• Der Wolf und der Hund

    Äsopische Fabeln
    In einem großen Wald, wo die Bäume bis in den Himmel zu wachsen schienen, lebte ein Wolf. Er war sehr, sehr hungrig und sein Bauch knurrte lauter als ein Gewitter. Jeden Tag suchte er nach Futter, aber oft fand er nur sehr wenig.

    Eines Tages, als er wieder einmal mit knurrendem Magen durch den Wald schlich, traf er einen Hund. Oh, dieser Hund sah ganz anders aus als der Wolf! Er war rund und glücklich, sein Fell glänzte wie Seide, und er wedelte vergnügt mit dem Schwanz.

    Der Wolf staunte. "Du siehst ja fantastisch aus!", rief er. "Wie schaffst du es, so gut genährt zu sein, während ich kaum einen Bissen finde?"

    Der Hund lachte. "Das ist ganz leicht", sagte er. "Ich lebe bei Menschen. Ich bewache ihr Haus, spiele mit den Kindern und dafür geben sie mir jeden Tag leckeres Futter, ein weiches Körbchen und viele liebevolle Streicheleinheiten."

    "Das klingt ja traumhaft!", dachte der Wolf. "So ein Leben hätte ich auch gern." Er kam näher. "Aber sag mal, was ist das für ein komischer Ring um deinen Hals? Dein Fell ist dort ganz abgewetzt."

    Der Hund zögerte kurz. "Ach, das? Das ist nur von meinem Halsband und der Leine. Manchmal binden sie mich an, damit ich nicht weglaufe und immer schön brav bleibe."

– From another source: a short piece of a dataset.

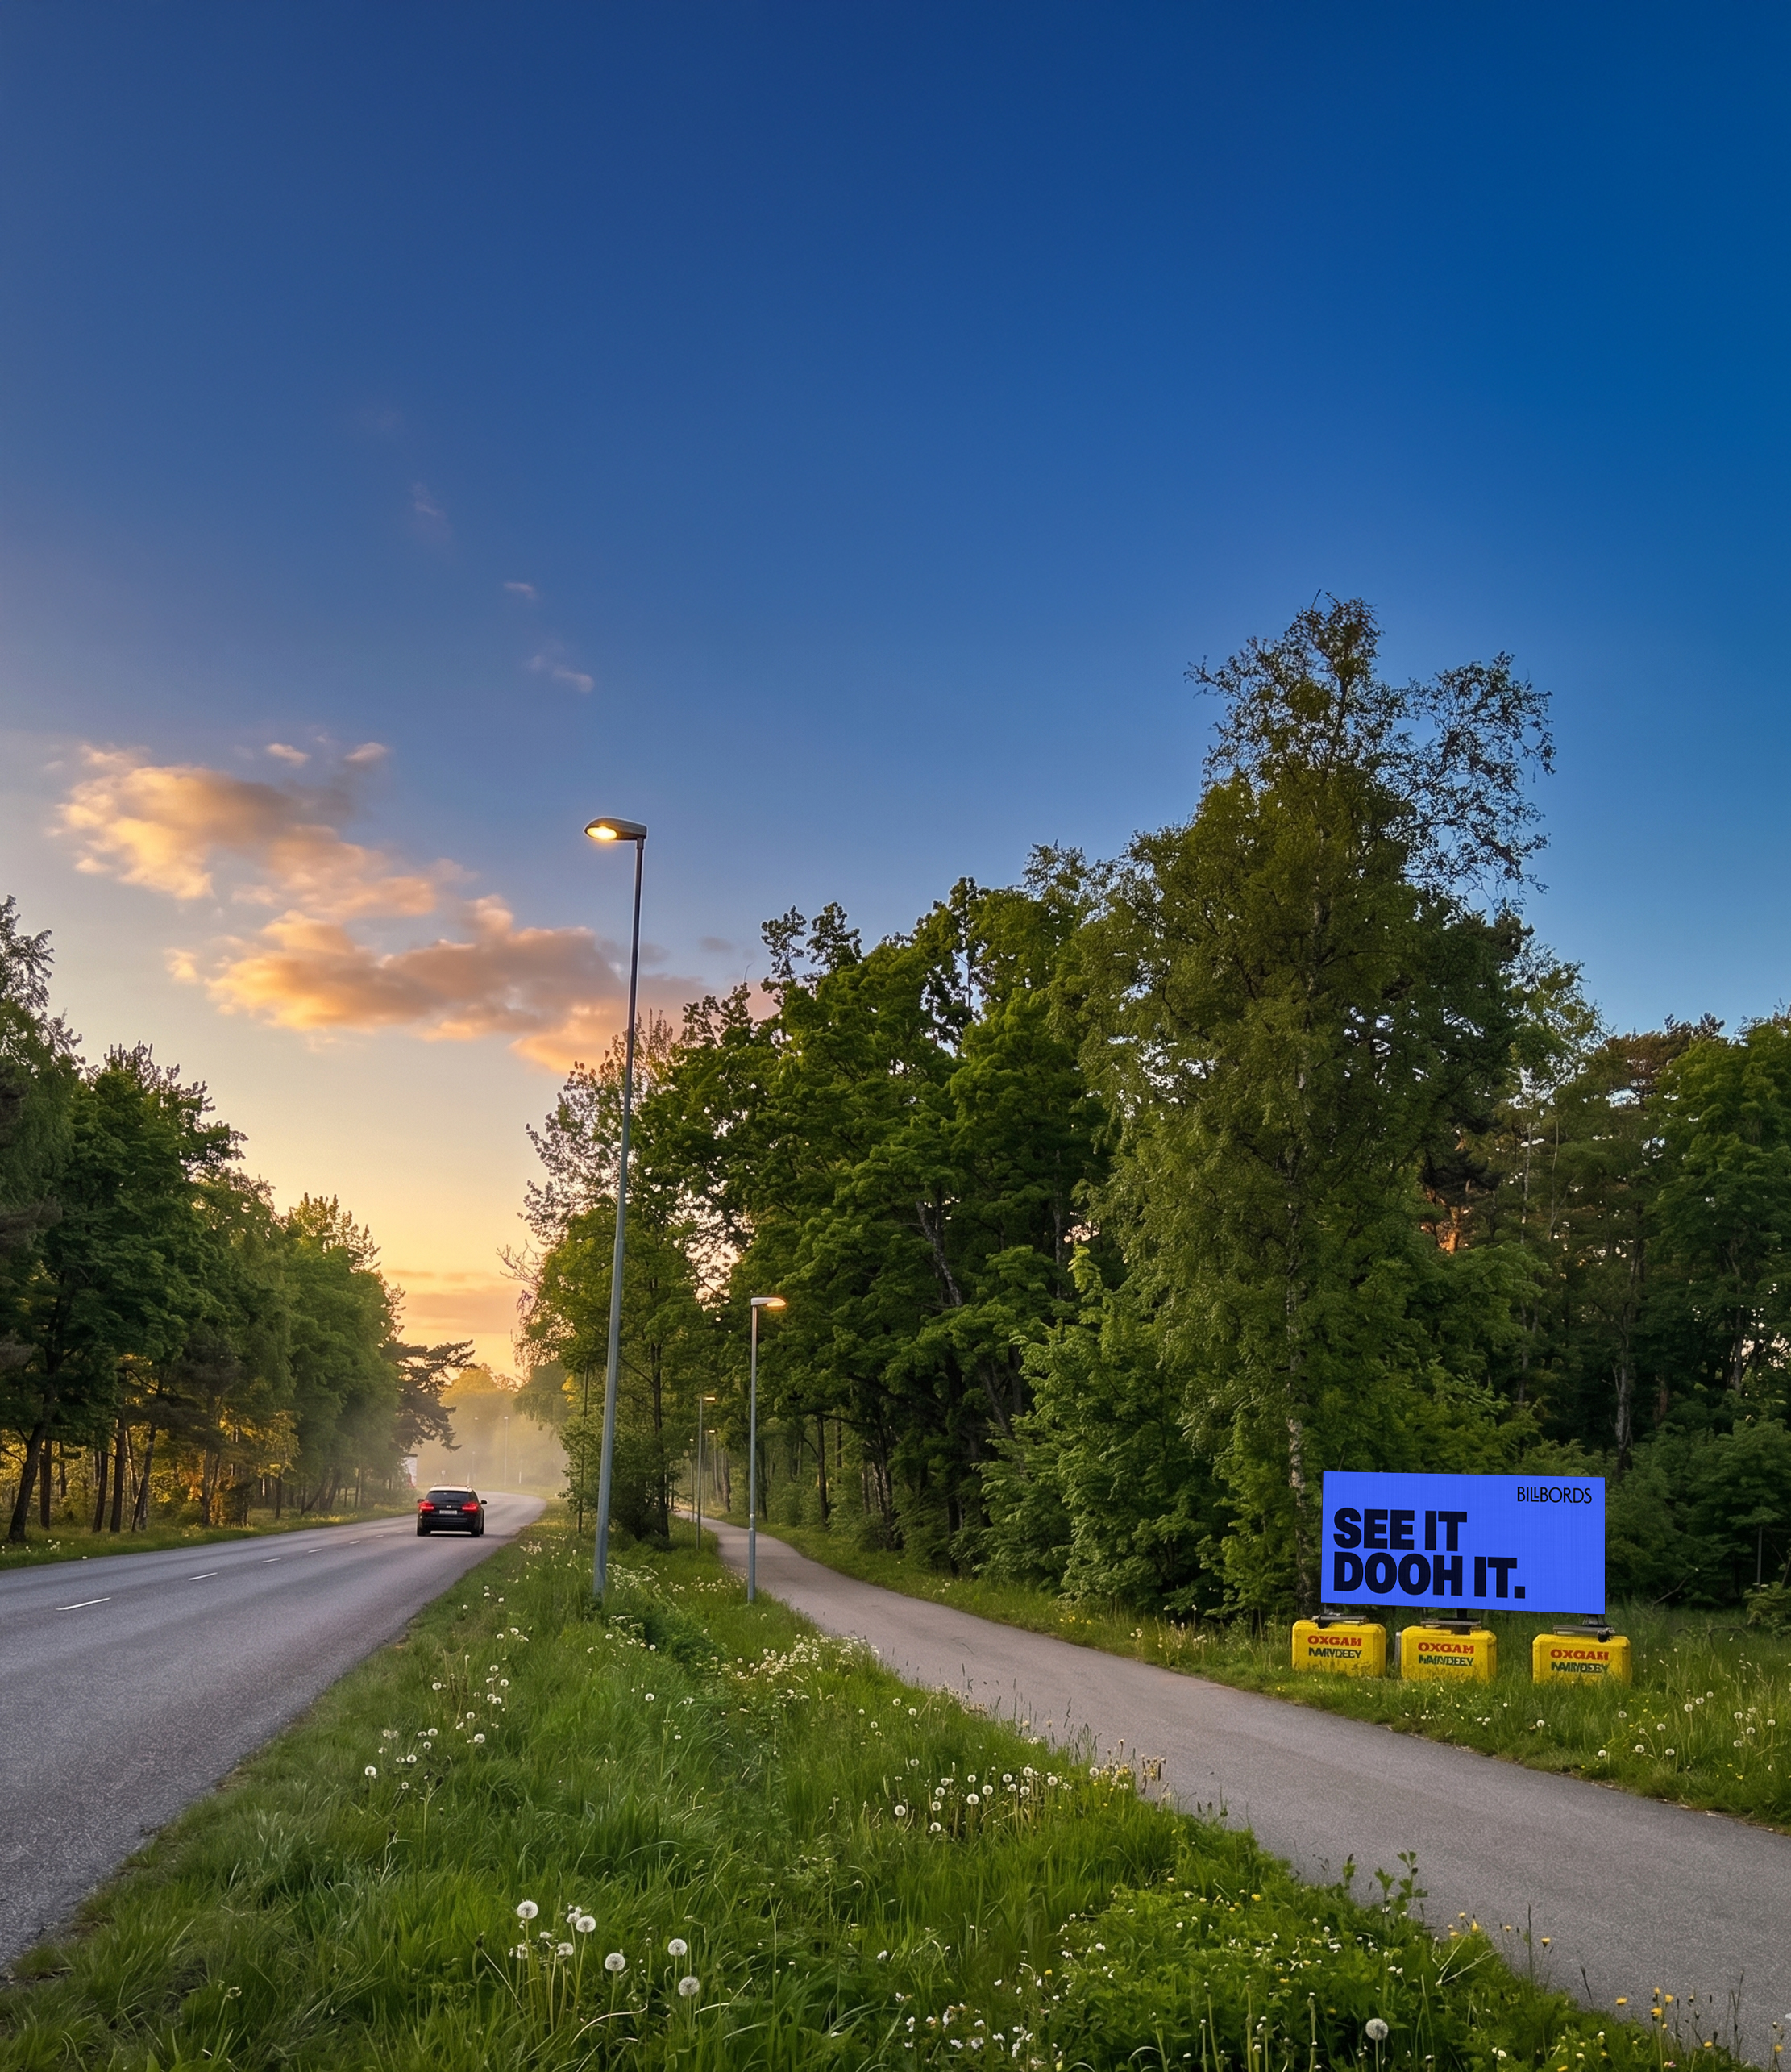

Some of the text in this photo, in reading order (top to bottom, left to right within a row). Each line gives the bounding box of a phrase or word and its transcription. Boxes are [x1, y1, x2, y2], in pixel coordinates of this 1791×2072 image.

[1332, 1507, 1468, 1551] SEE IT
[1333, 1551, 1526, 1599] DOOH IT.
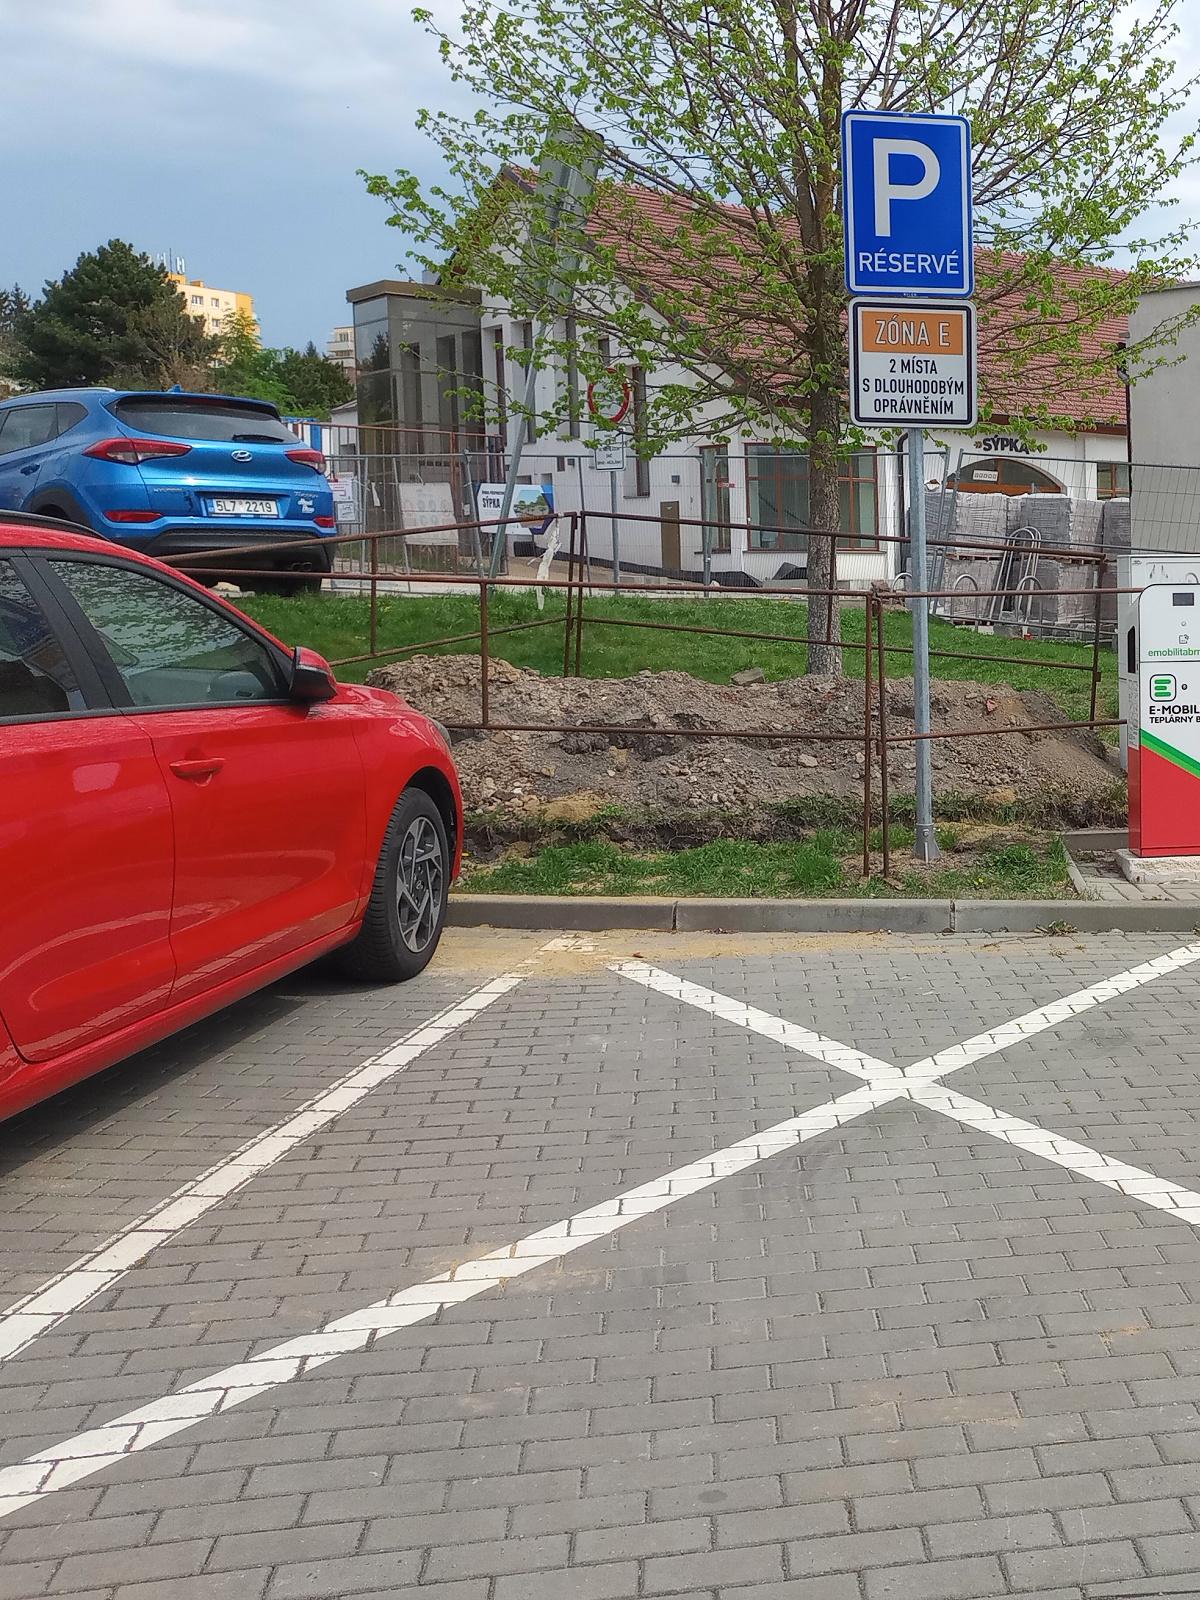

    "Angebunden?", wiederholte der Wolf und seine Ohren zuckten. "Du kannst also nicht rennen und springen, wann und wo du willst?"

    "Nicht immer", gab der Hund zu. "Aber dafür habe ich es warm und sicher."

    Der Wolf trat einen Schritt zurück. "Ein warmes Plätzchen und ein voller Bauch sind sicher schön", sagte er nachdenklich. "Aber meine Freiheit, durch den Wald zu streifen, wann immer mir danach ist, die ist mir lieber. Leb wohl!"

    Und mit diesen Worten verschwand der Wolf wieder zwischen den Bäumen, hungrig vielleicht, aber frei.